It may have been reports like the above that helped lay the foundation for Japan’s annexation of Korea. On Aug. 22, 1910, Japan declared that “the existing system of government in (Korea) has not proved equal to the duty of preserving public order and tranquility” and that with the approval of the Korean Emperor and the Emperor of Japan, Korea would become part of the Japanese empire.

For the rest of his life Sunjong dwelt in Changdeok Palace. Ridiculed by the world’s press as incompetent ruler he apparently did excel at one thing — billiards. In 1910, two billiard tables were set up in Changdeok Palace and a small club was established — the best player was none other than Sunjong.

Sunjong died on April 24, 1926 in the palace.
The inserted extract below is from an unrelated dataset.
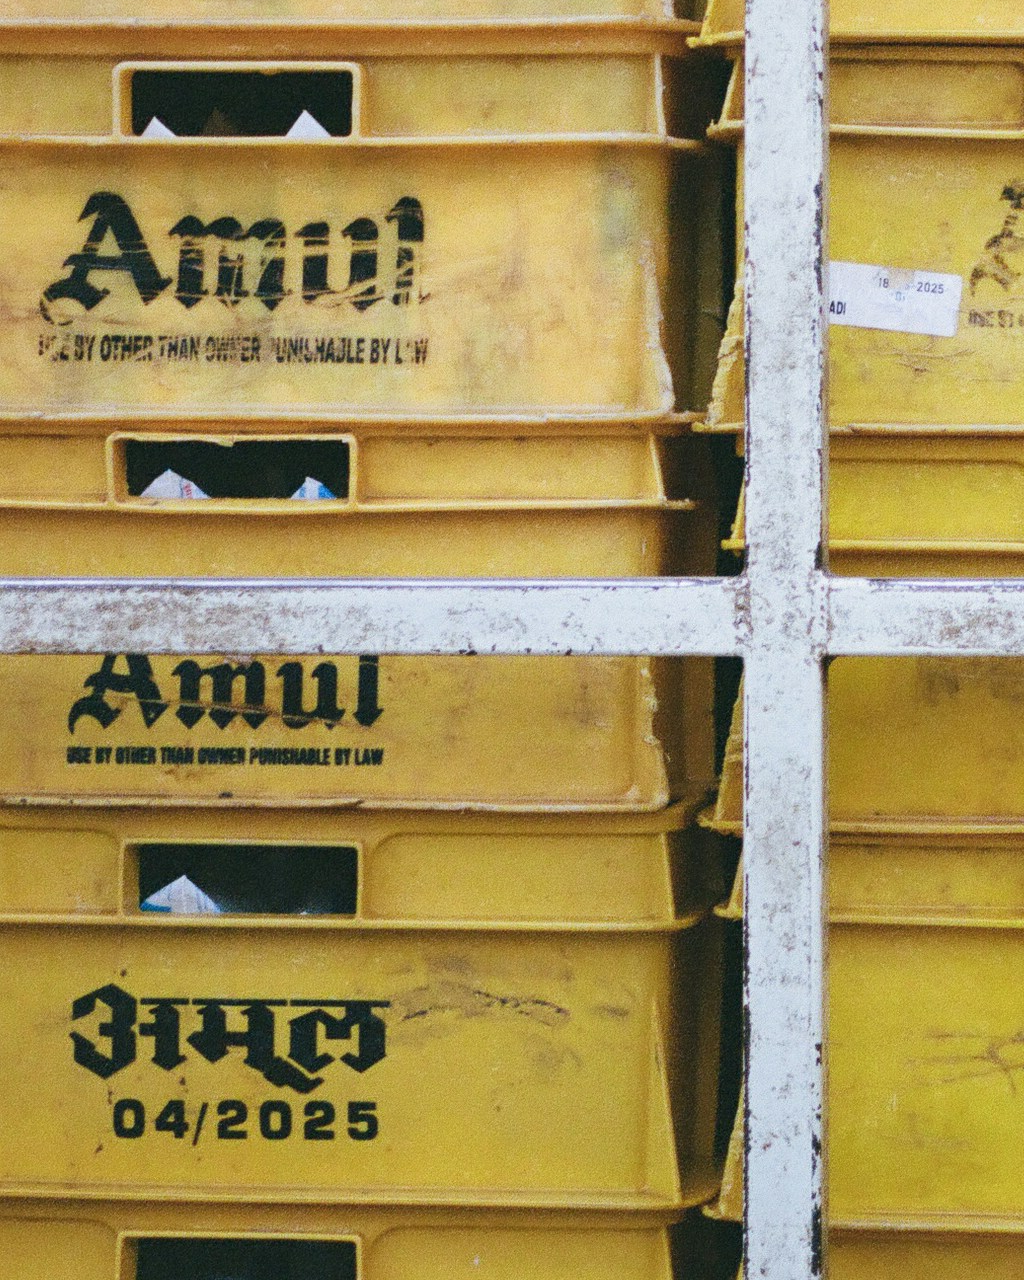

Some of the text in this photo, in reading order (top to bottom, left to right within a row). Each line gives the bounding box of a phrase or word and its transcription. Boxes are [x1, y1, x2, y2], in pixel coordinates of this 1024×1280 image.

[39, 191, 430, 326] Amul
[369, 337, 391, 364] BY
[354, 747, 385, 766] LAW
[69, 983, 391, 1095] अमूल
The cause of his death, like that of his father’s, remains controversial — some people believe they were both poisoned by the Japanese.

Historian Donald Clark sums up Sunjong’s life as “quite an unhappy one. He lived through the turbulence of the Yi Dynasty’s last decades and took the throne only briefly, when the Japanese were sure that he could be trusted to let them do their work.”

Source: The Korea Times

Eui-hwa: most progressive, anti-Japanese prince of Korea

Reference of the article is from the Korea times newspaper

While Sunjong may have been disparaged by those around him, his younger half-brother, Prince Eui-hwa, was loved by one and all — especially the American press. (The prince’s Korean name was Yi Kang but later he was usually called King Uichin.)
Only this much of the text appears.